■ **Required action**: Nothing but the pictures should go missing; return all the entries below exactly.
════
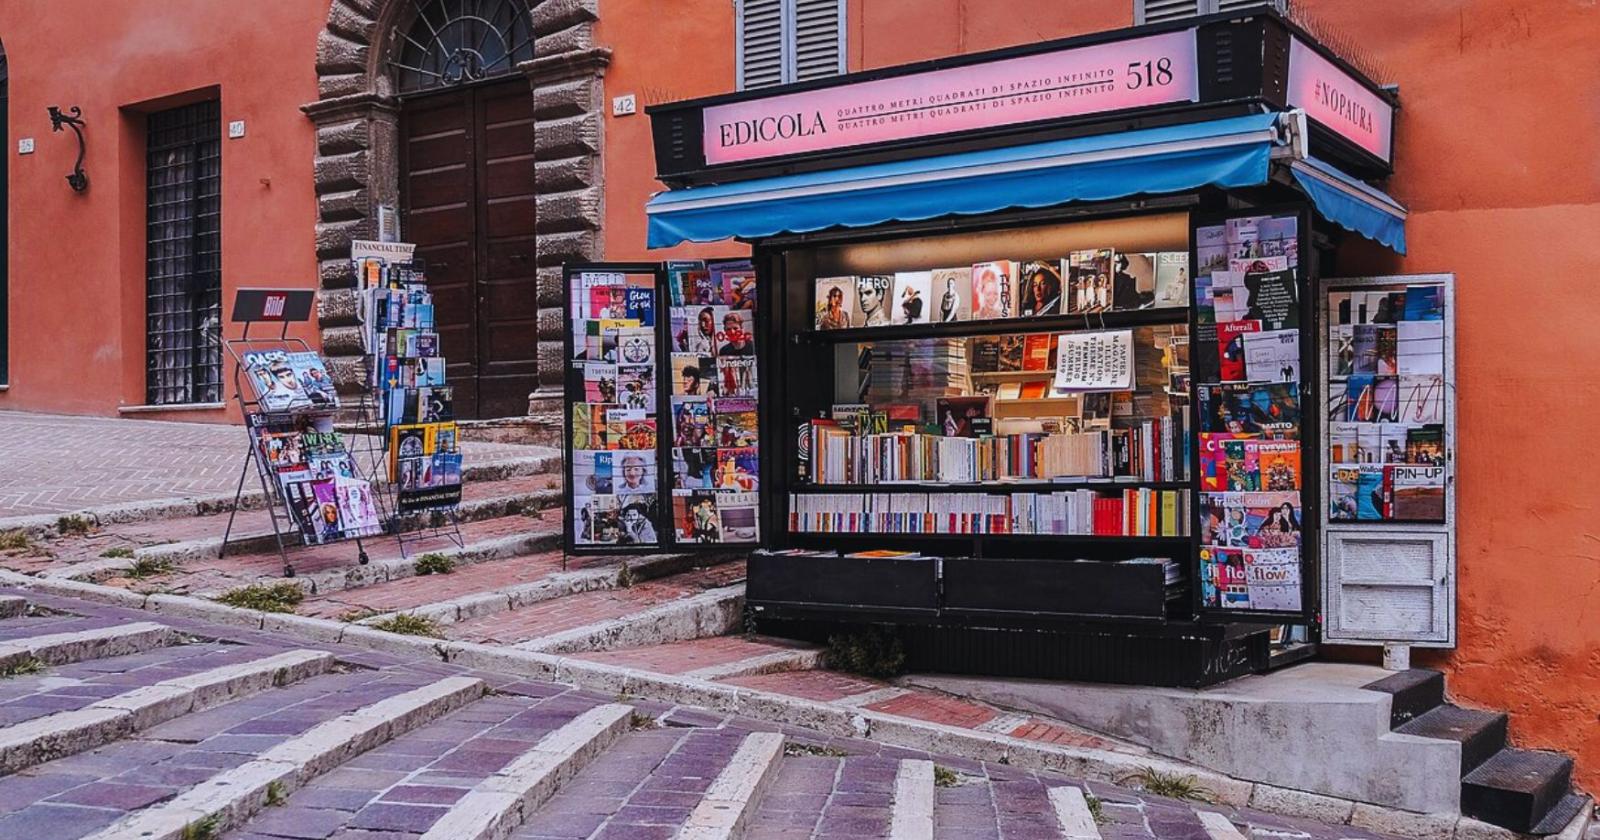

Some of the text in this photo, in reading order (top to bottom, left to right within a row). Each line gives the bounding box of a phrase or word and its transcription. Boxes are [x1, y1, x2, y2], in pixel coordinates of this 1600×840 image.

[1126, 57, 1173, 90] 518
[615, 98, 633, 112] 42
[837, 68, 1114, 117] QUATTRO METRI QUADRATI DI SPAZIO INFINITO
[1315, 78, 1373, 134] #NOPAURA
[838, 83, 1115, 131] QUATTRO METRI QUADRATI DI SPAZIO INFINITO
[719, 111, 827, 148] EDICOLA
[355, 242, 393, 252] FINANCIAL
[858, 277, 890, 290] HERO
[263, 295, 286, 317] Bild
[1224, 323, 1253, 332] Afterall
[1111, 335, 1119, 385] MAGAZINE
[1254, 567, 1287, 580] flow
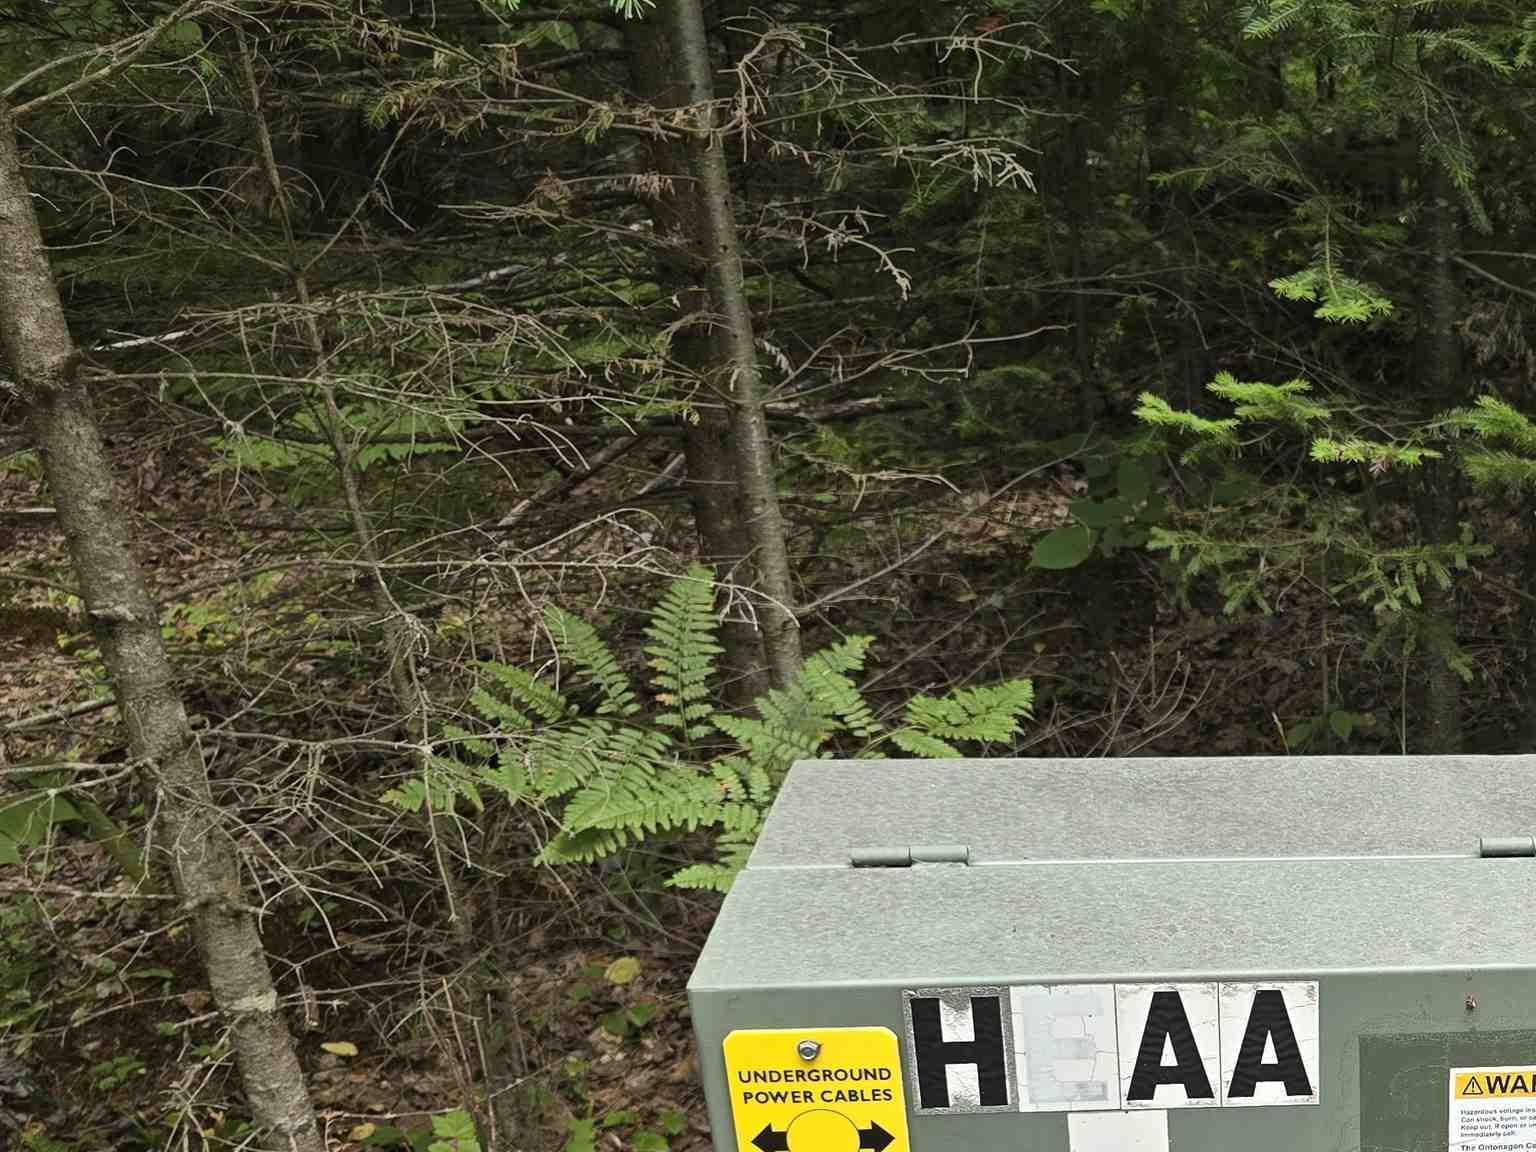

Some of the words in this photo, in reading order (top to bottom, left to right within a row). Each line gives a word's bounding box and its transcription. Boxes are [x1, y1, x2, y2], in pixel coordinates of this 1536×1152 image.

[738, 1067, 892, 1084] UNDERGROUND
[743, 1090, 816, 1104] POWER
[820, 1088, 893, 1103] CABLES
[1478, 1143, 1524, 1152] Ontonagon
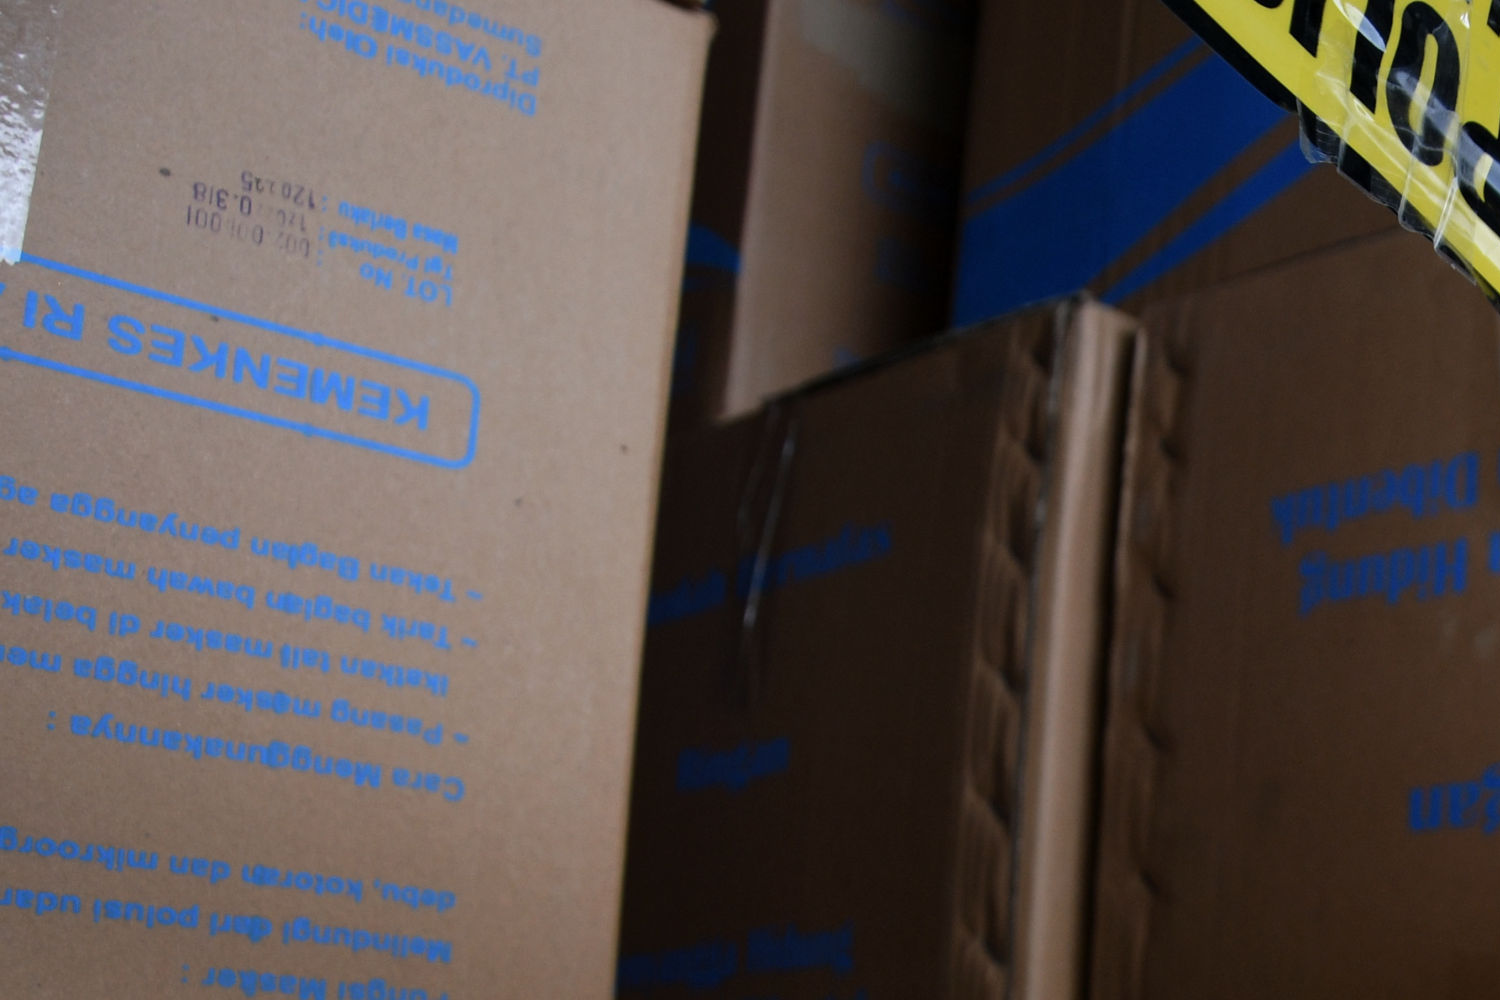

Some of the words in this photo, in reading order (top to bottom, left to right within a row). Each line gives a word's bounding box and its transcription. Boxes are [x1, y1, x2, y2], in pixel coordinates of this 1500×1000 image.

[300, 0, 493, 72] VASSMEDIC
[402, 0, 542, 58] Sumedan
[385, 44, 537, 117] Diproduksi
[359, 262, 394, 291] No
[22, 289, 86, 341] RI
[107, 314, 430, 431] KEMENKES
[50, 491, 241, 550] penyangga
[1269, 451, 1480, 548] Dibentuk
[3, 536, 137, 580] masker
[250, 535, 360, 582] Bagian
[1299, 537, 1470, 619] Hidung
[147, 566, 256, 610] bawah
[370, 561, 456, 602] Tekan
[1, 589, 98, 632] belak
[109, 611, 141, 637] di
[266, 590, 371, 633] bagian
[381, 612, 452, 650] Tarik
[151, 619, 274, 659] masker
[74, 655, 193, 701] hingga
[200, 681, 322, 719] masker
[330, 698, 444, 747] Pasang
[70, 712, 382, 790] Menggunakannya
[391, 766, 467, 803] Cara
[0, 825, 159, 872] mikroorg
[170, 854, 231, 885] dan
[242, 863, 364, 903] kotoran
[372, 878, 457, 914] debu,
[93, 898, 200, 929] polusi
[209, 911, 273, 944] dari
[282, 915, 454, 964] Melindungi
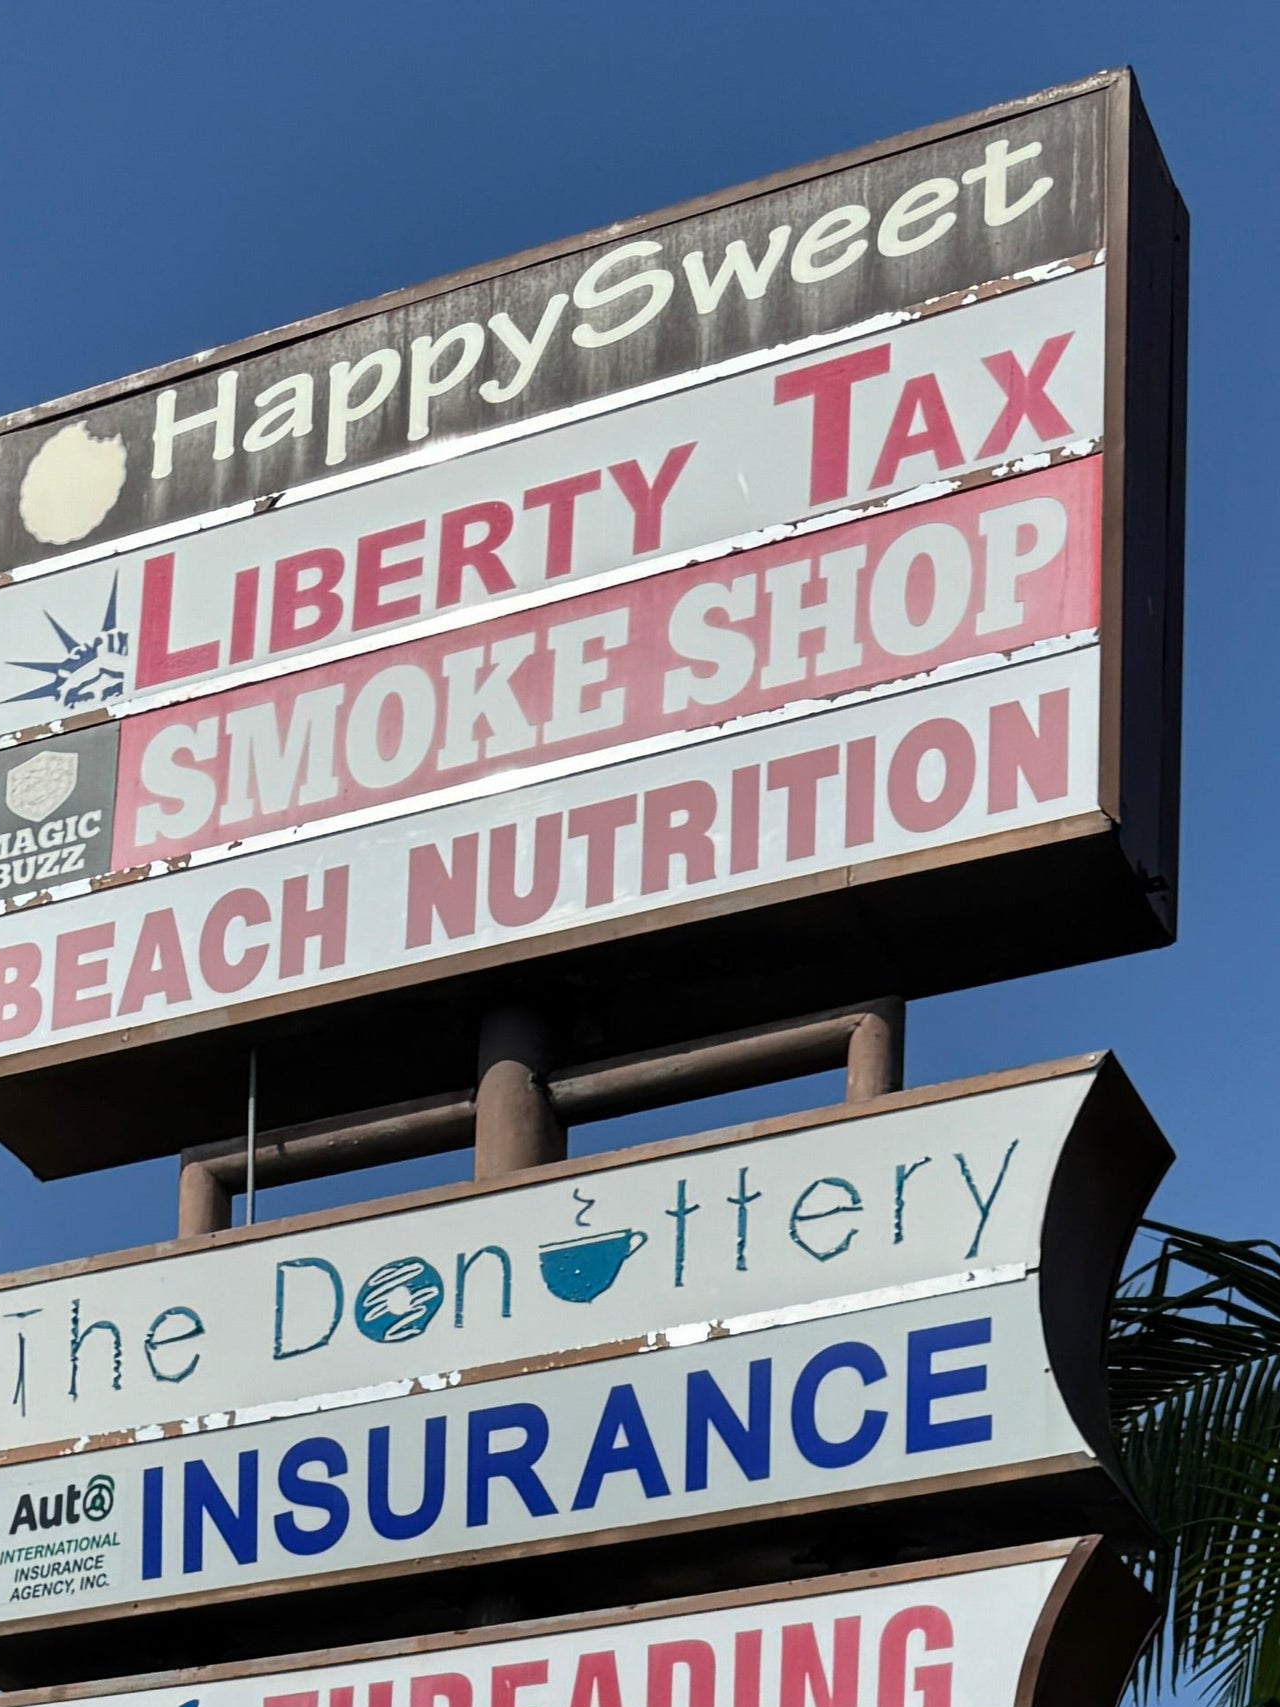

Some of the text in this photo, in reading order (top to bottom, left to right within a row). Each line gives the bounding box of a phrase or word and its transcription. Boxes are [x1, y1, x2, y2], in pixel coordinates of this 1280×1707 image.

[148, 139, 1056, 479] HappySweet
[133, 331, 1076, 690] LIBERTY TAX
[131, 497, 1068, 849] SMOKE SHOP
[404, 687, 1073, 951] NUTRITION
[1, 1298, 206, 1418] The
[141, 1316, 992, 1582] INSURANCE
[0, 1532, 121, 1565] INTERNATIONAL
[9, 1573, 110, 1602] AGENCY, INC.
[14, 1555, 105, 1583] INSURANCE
════
■ **Response to this exercise**:
Some of the text in this photo, in reading order (top to bottom, left to right within a row). Each line gives the bounding box of a phrase or word and its transcription. Boxes are [x1, y1, x2, y2], in pixel coordinates of this 1600×840 image.

[1126, 57, 1173, 90] 518
[615, 98, 633, 112] 42
[837, 68, 1114, 117] QUATTRO METRI QUADRATI DI SPAZIO INFINITO
[1315, 78, 1373, 134] #NOPAURA
[838, 83, 1115, 131] QUATTRO METRI QUADRATI DI SPAZIO INFINITO
[719, 111, 827, 148] EDICOLA
[355, 242, 393, 252] FINANCIAL
[858, 277, 890, 290] HERO
[263, 295, 286, 317] Bild
[1224, 323, 1253, 332] Afterall
[1111, 335, 1119, 385] MAGAZINE
[1254, 567, 1287, 580] flow

Some of the words in this photo, in reading order (top to bottom, left to right within a row). Each line gives a word's bounding box and its transcription. Boxes are [x1, y1, x2, y2], in pixel coordinates of this 1536×1152 image.

[738, 1067, 892, 1084] UNDERGROUND
[743, 1090, 816, 1104] POWER
[820, 1088, 893, 1103] CABLES
[1478, 1143, 1524, 1152] Ontonagon

Some of the words in this photo, in reading order (top to bottom, left to right within a row). Each line gives a word's bounding box and its transcription. Boxes are [x1, y1, x2, y2], in pixel coordinates of this 1500×1000 image.

[300, 0, 493, 72] VASSMEDIC
[402, 0, 542, 58] Sumedan
[385, 44, 537, 117] Diproduksi
[359, 262, 394, 291] No
[22, 289, 86, 341] RI
[107, 314, 430, 431] KEMENKES
[50, 491, 241, 550] penyangga
[1269, 451, 1480, 548] Dibentuk
[3, 536, 137, 580] masker
[250, 535, 360, 582] Bagian
[1299, 537, 1470, 619] Hidung
[147, 566, 256, 610] bawah
[370, 561, 456, 602] Tekan
[1, 589, 98, 632] belak
[109, 611, 141, 637] di
[266, 590, 371, 633] bagian
[381, 612, 452, 650] Tarik
[151, 619, 274, 659] masker
[74, 655, 193, 701] hingga
[200, 681, 322, 719] masker
[330, 698, 444, 747] Pasang
[70, 712, 382, 790] Menggunakannya
[391, 766, 467, 803] Cara
[0, 825, 159, 872] mikroorg
[170, 854, 231, 885] dan
[242, 863, 364, 903] kotoran
[372, 878, 457, 914] debu,
[93, 898, 200, 929] polusi
[209, 911, 273, 944] dari
[282, 915, 454, 964] Melindungi

Some of the text in this photo, in reading order (top to bottom, left to right within a row). Each line gives the bounding box of a phrase or word and its transcription. Boxes are [x1, y1, x2, y2], in pixel coordinates of this 1280×1707 image.

[148, 139, 1056, 479] HappySweet
[133, 331, 1076, 690] LIBERTY TAX
[131, 497, 1068, 849] SMOKE SHOP
[404, 687, 1073, 951] NUTRITION
[1, 1298, 206, 1418] The
[141, 1316, 992, 1582] INSURANCE
[0, 1532, 121, 1565] INTERNATIONAL
[9, 1573, 110, 1602] AGENCY, INC.
[14, 1555, 105, 1583] INSURANCE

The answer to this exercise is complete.